------ DATA RECORDS ------

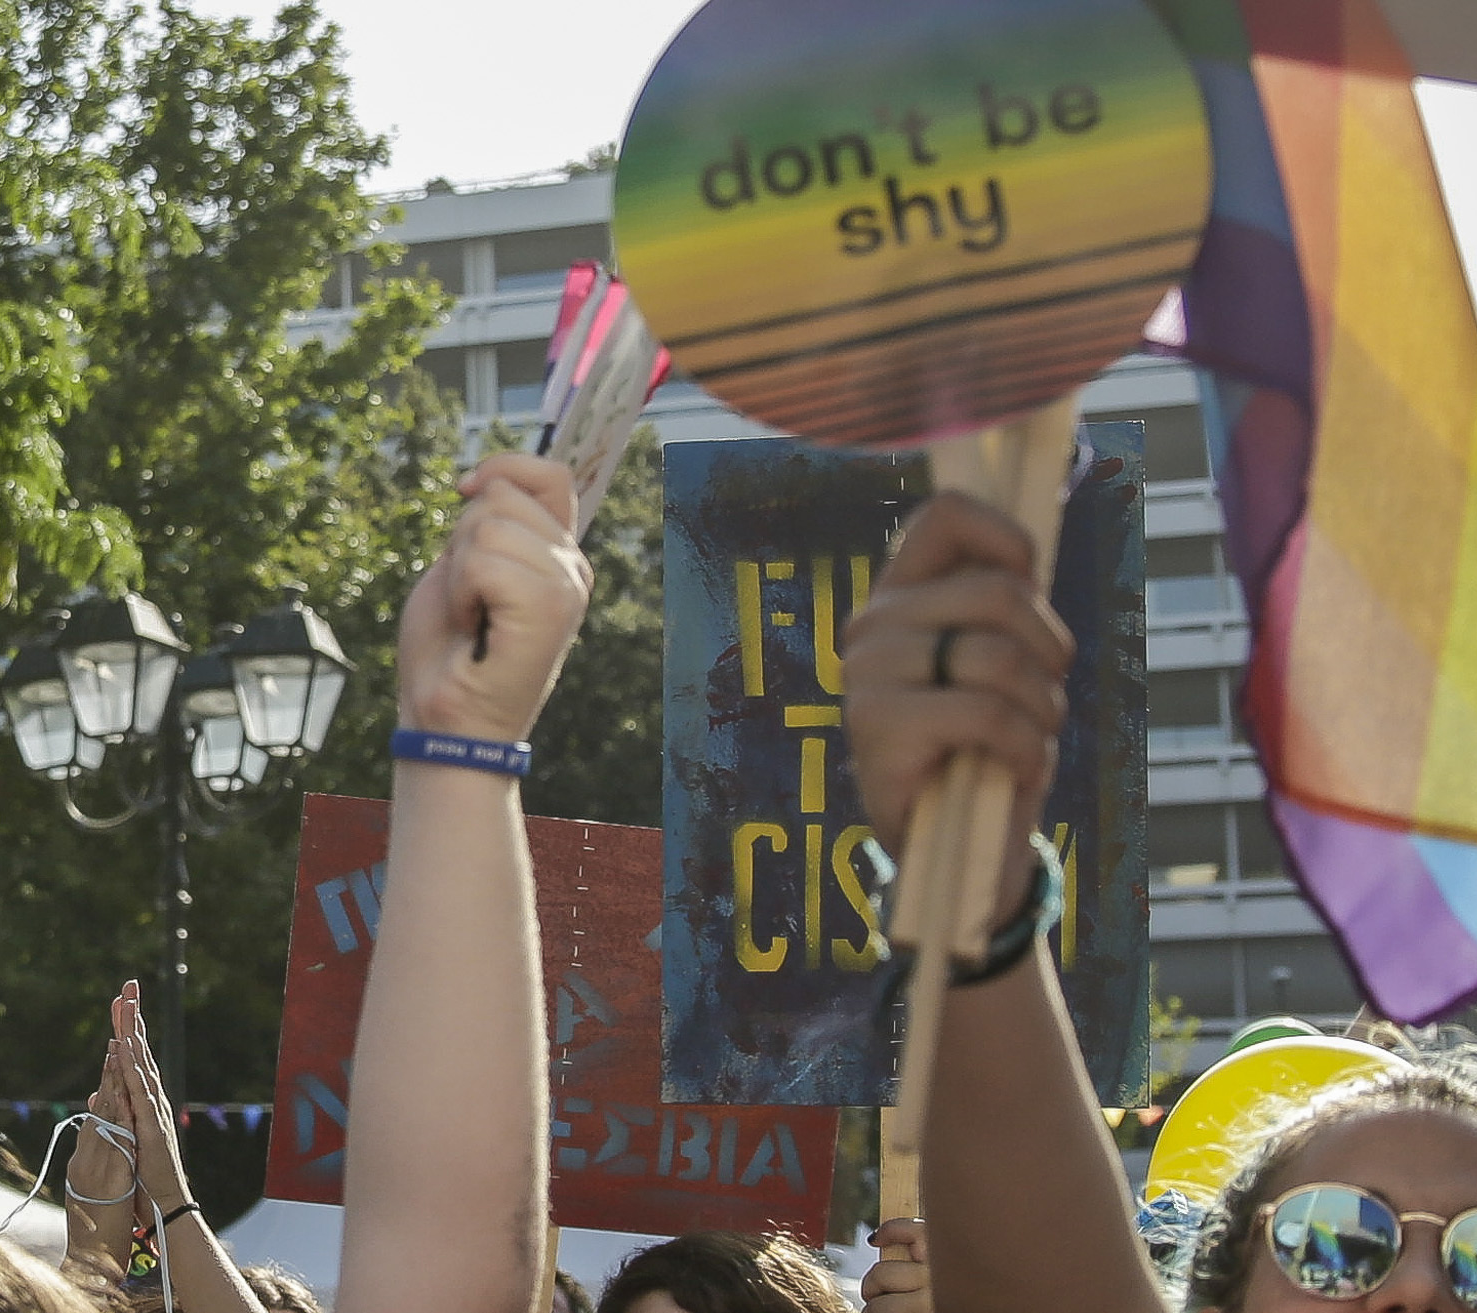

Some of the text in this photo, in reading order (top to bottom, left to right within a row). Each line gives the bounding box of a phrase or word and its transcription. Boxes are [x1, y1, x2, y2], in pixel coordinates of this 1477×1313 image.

[701, 82, 1102, 211] don't be
[838, 176, 1007, 256] shy
[551, 1096, 809, 1195] ΕΣΒΙΑ
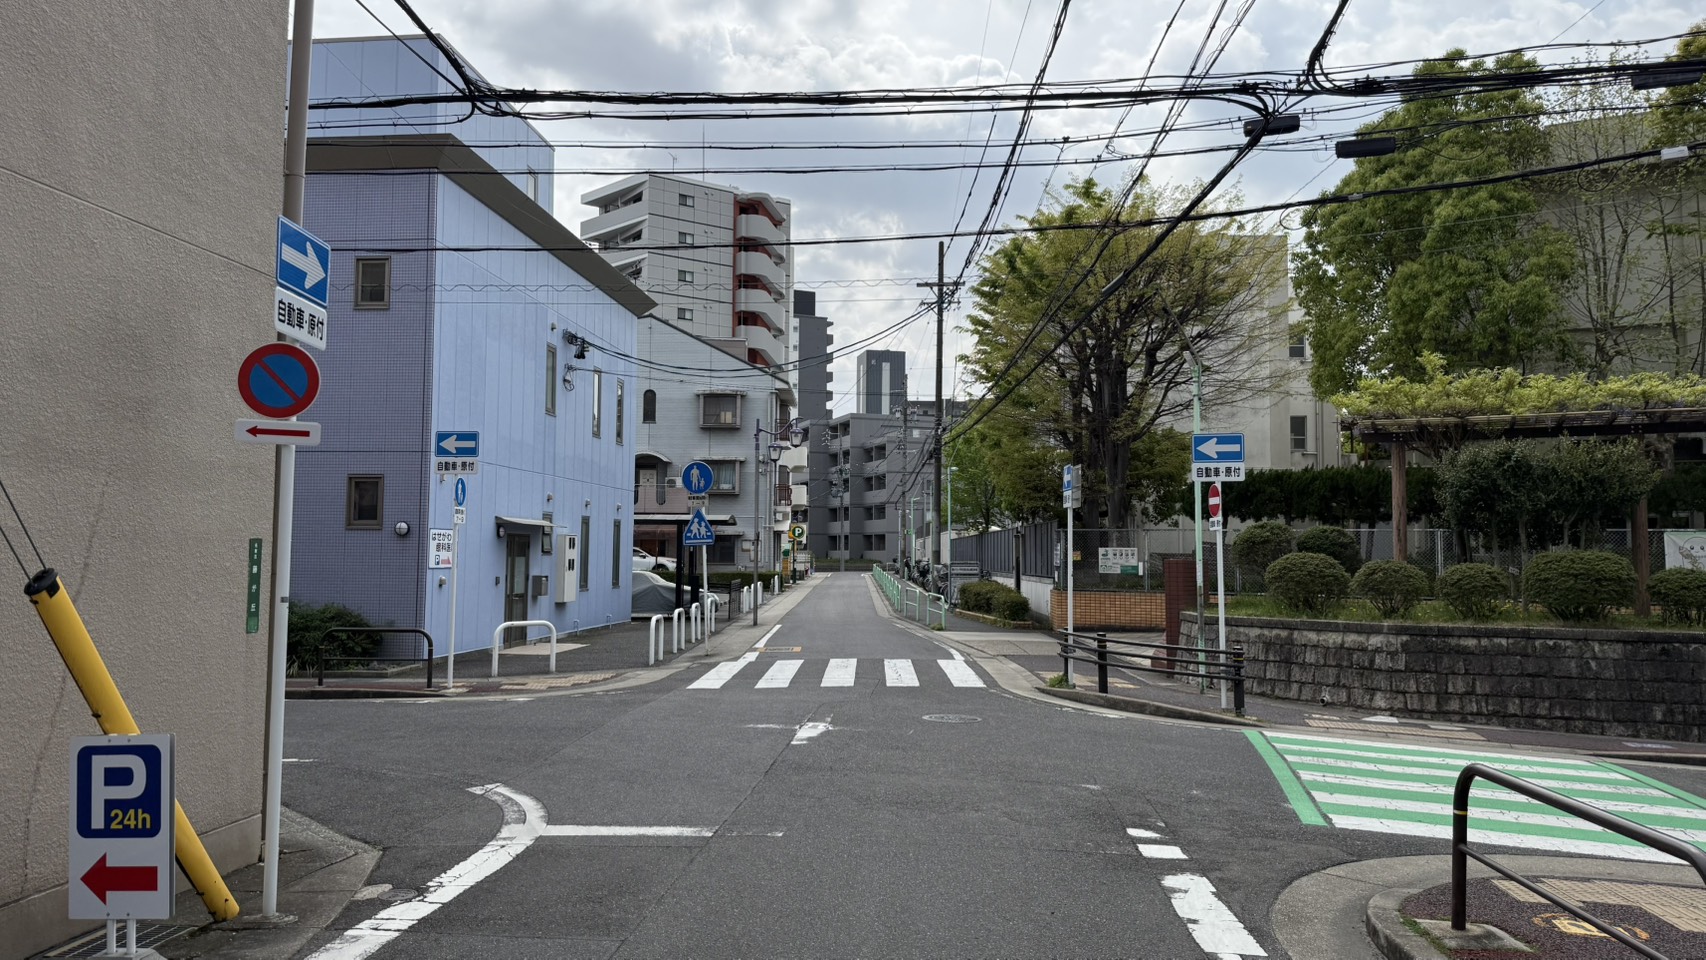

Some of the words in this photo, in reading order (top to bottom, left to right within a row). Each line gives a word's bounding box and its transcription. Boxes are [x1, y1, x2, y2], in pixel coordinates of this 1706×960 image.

[278, 298, 324, 341] 自動車・原付
[437, 461, 475, 471] 自動車・原付
[1196, 466, 1241, 478] 自動車・原付
[432, 532, 452, 542] はせがわ
[795, 527, 802, 537] P
[91, 754, 147, 830] P
[110, 808, 151, 830] 24h
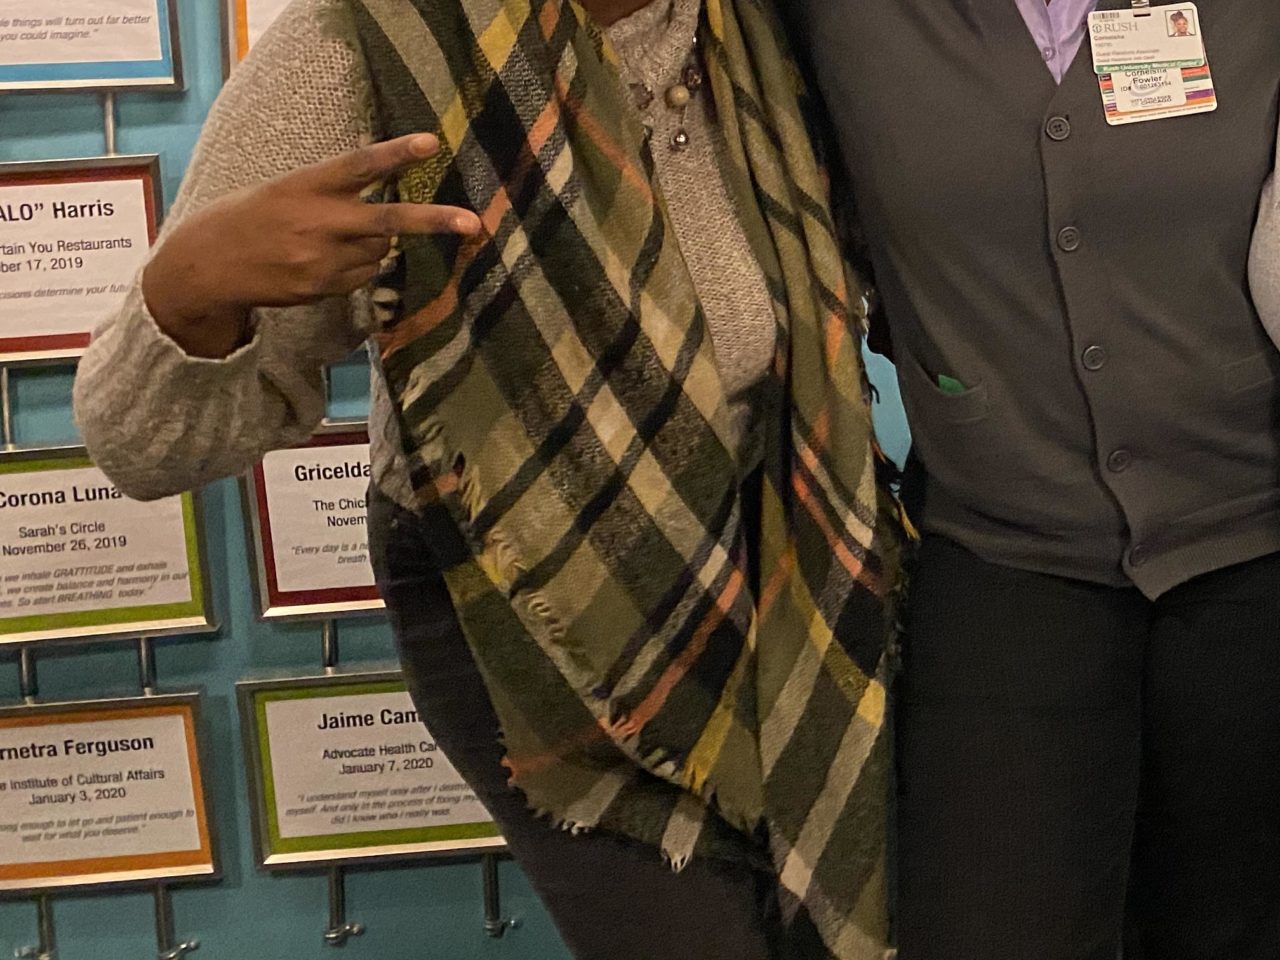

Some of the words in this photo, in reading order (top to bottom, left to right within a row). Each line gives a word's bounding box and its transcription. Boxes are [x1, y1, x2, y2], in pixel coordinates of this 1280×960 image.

------

DESCRIPTION OF THE TASK: Copy out all of the data word for word. Do not carry over any picture.

EXERCISE ANSWER:
Some of the text in this photo, in reading order (top to bottom, left to right within a row). Each line gives the bounding box of a phrase or word and its transcription. Boxes are [x1, y1, x2, y2], in pixel coordinates of this 1477×1313 image.

[701, 82, 1102, 211] don't be
[838, 176, 1007, 256] shy
[551, 1096, 809, 1195] ΕΣΒΙΑ

Some of the words in this photo, in reading order (top to bottom, left to right within a row). Each line gives a word's bounding box and its transcription. Boxes are [x1, y1, x2, y2], in pixel coordinates of this 1706×960 image.

[278, 298, 324, 341] 自動車・原付
[437, 461, 475, 471] 自動車・原付
[1196, 466, 1241, 478] 自動車・原付
[432, 532, 452, 542] はせがわ
[795, 527, 802, 537] P
[91, 754, 147, 830] P
[110, 808, 151, 830] 24h

Some of the words in this photo, in reading order (top to bottom, left to right within a row). Each line gives a word's bounding box and its transcription. Boxes are [x1, y1, x2, y2], in pixel coordinates of this 1280×960 image.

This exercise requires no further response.